Items from a data source

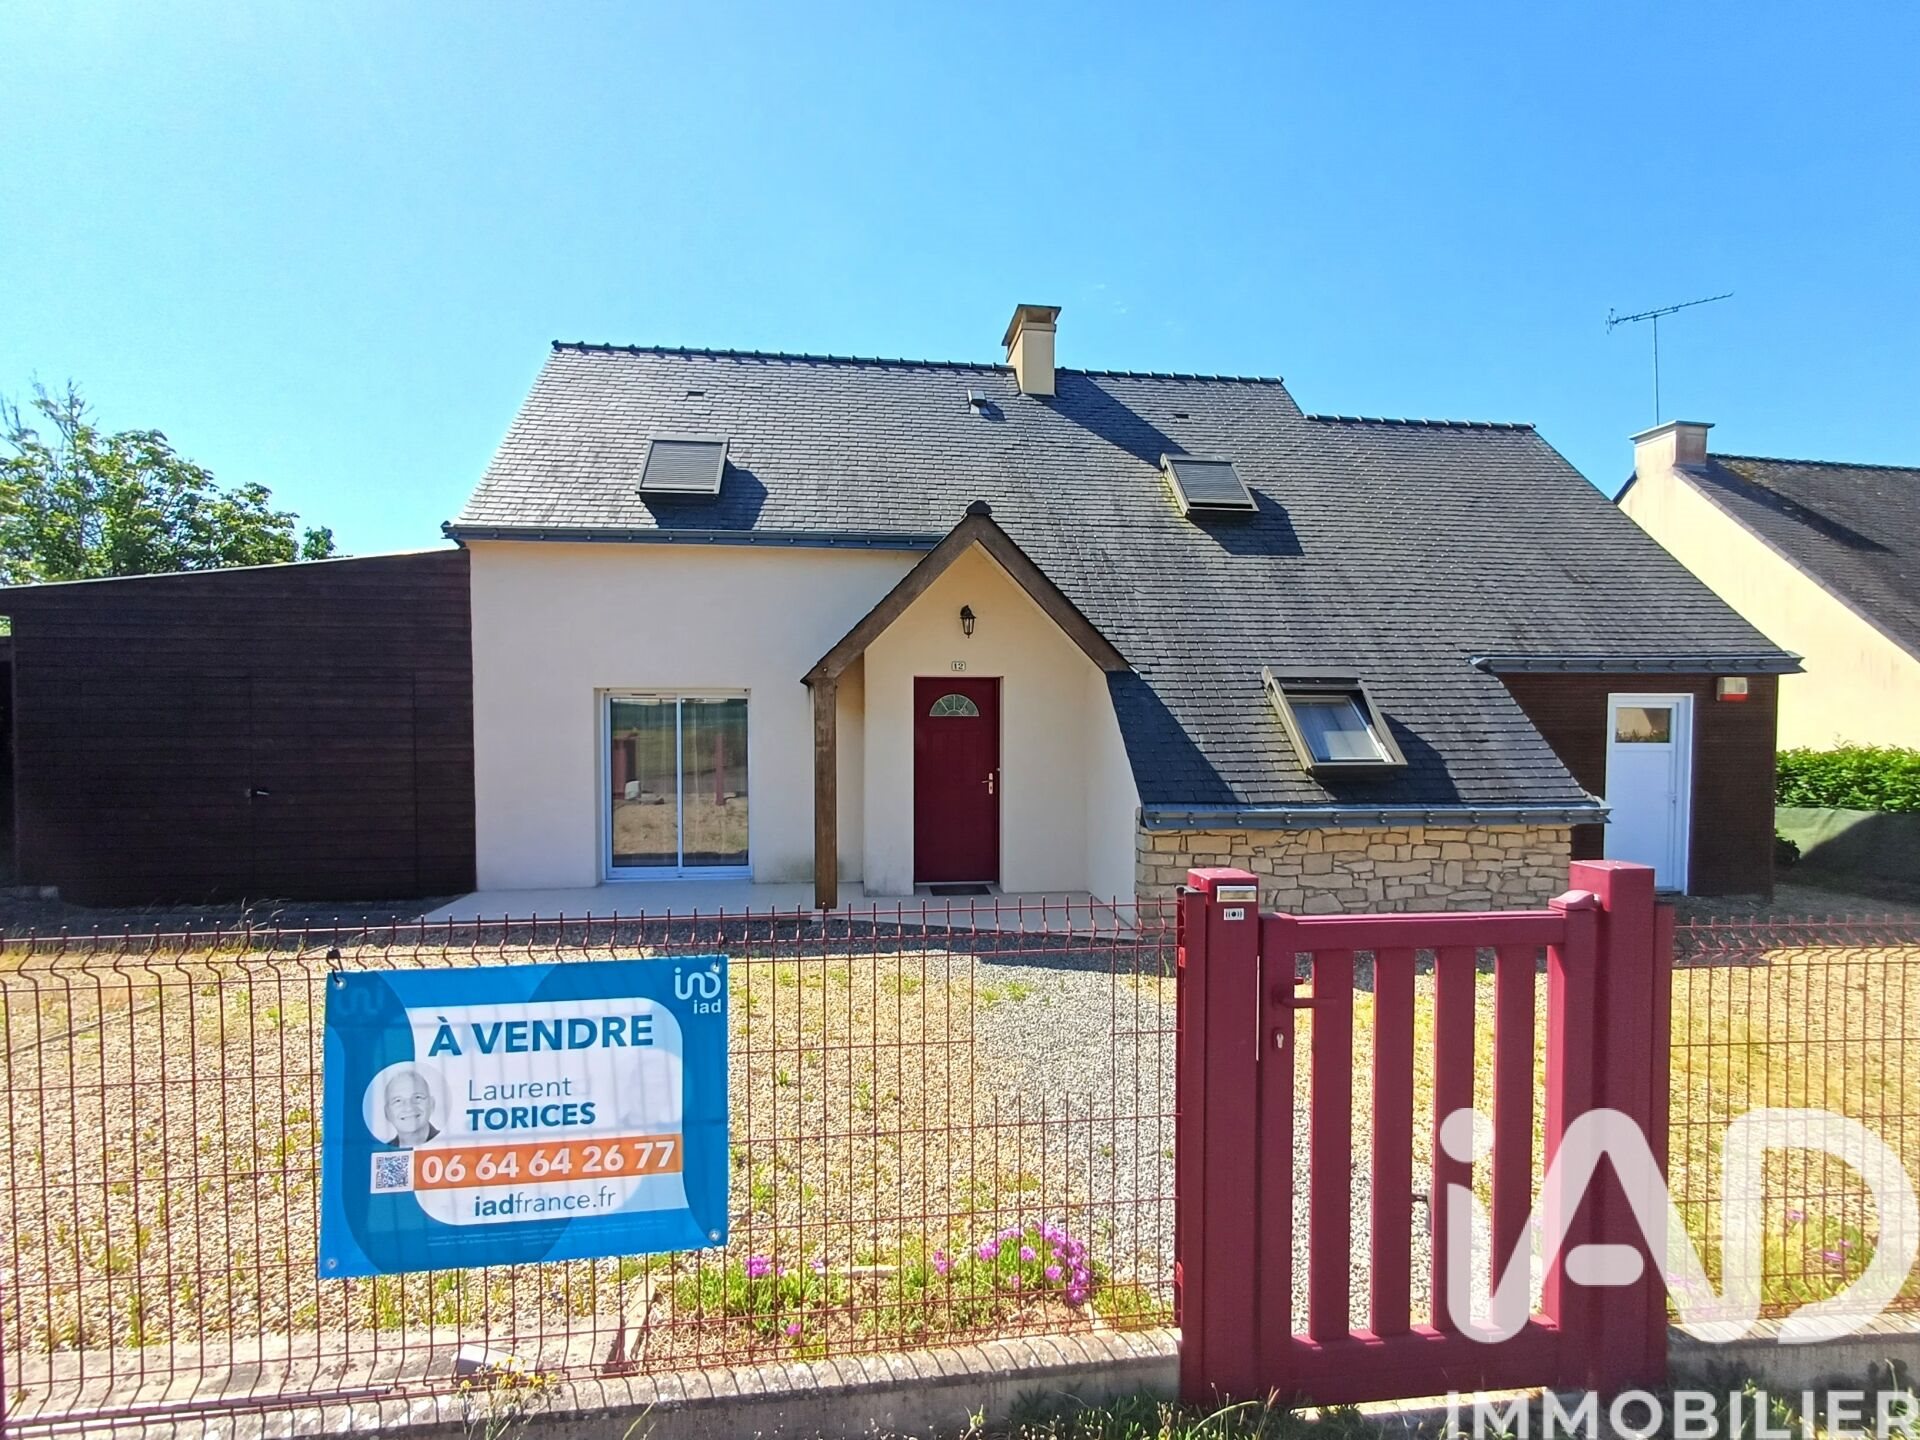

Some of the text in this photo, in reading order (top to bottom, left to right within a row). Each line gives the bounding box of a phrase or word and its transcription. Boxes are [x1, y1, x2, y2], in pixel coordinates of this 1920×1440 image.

[693, 999, 721, 1014] iad
[428, 1014, 653, 1057] À VENDRE
[469, 1076, 572, 1102] Laurent
[466, 1102, 596, 1132] TORICES
[421, 1140, 676, 1184] 06 64 64 26 77
[474, 1186, 616, 1218] iadfrance.fr

Aim of the task
What is needed is a verbatim copy of every entry, with the pictures omitted.

Task result
Some of the text in this photo, in reading order (top to bottom, left to right within a row). Each line gives the bounding box of a phrase or word and its transcription. Boxes are [x1, y1, x2, y2], in pixel coordinates of this 1920×1440 image.

[693, 999, 721, 1014] iad
[428, 1014, 653, 1057] À VENDRE
[469, 1076, 572, 1102] Laurent
[466, 1102, 596, 1132] TORICES
[421, 1140, 676, 1184] 06 64 64 26 77
[474, 1186, 616, 1218] iadfrance.fr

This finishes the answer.